Repeat the records below word for word and omit each image.

*** Block opens ***

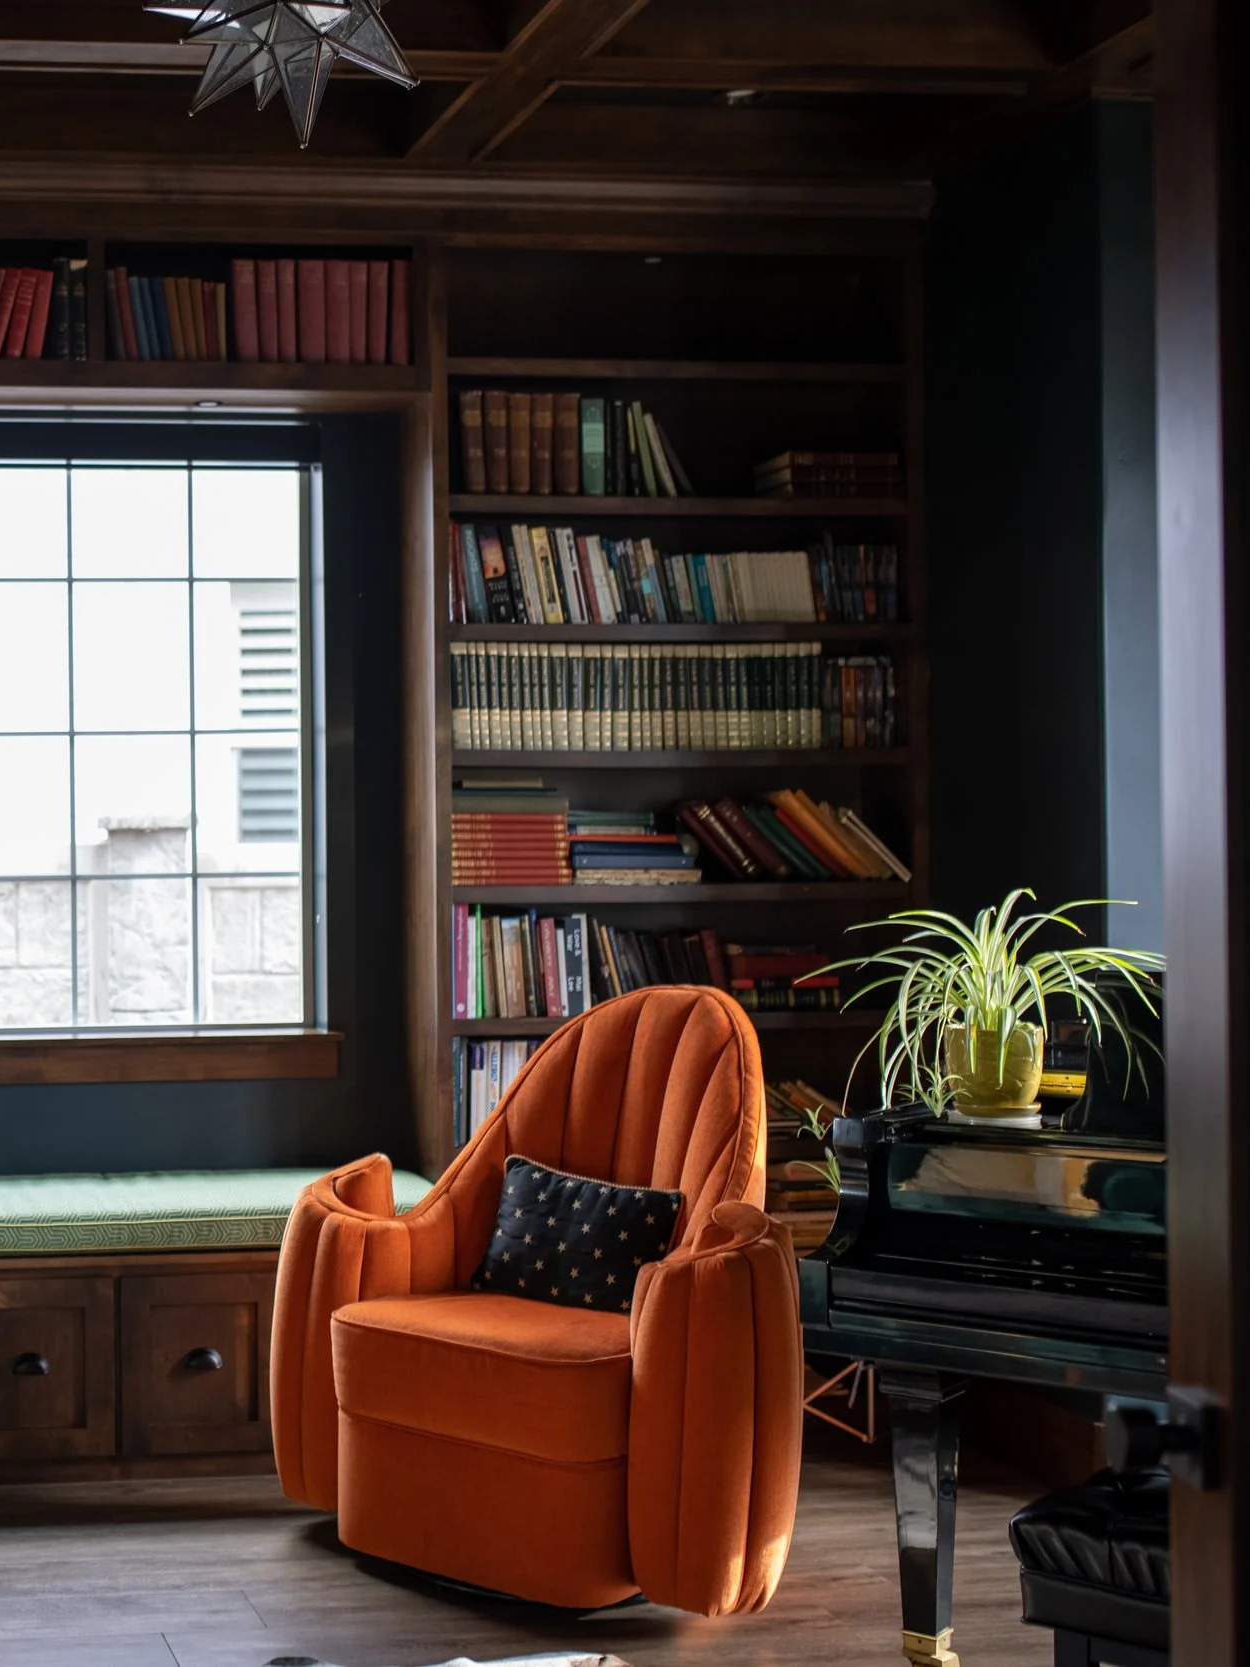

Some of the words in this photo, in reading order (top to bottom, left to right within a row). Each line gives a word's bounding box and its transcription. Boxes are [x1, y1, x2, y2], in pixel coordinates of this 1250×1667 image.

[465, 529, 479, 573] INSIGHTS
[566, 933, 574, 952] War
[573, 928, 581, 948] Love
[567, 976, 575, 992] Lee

*** Block closes ***

**RESULT**
Some of the words in this photo, in reading order (top to bottom, left to right within a row). Each line gives a word's bounding box and its transcription. Boxes are [x1, y1, x2, y2], in pixel coordinates of this 1250×1667 image.

[465, 529, 479, 573] INSIGHTS
[566, 933, 574, 952] War
[573, 928, 581, 948] Love
[567, 976, 575, 992] Lee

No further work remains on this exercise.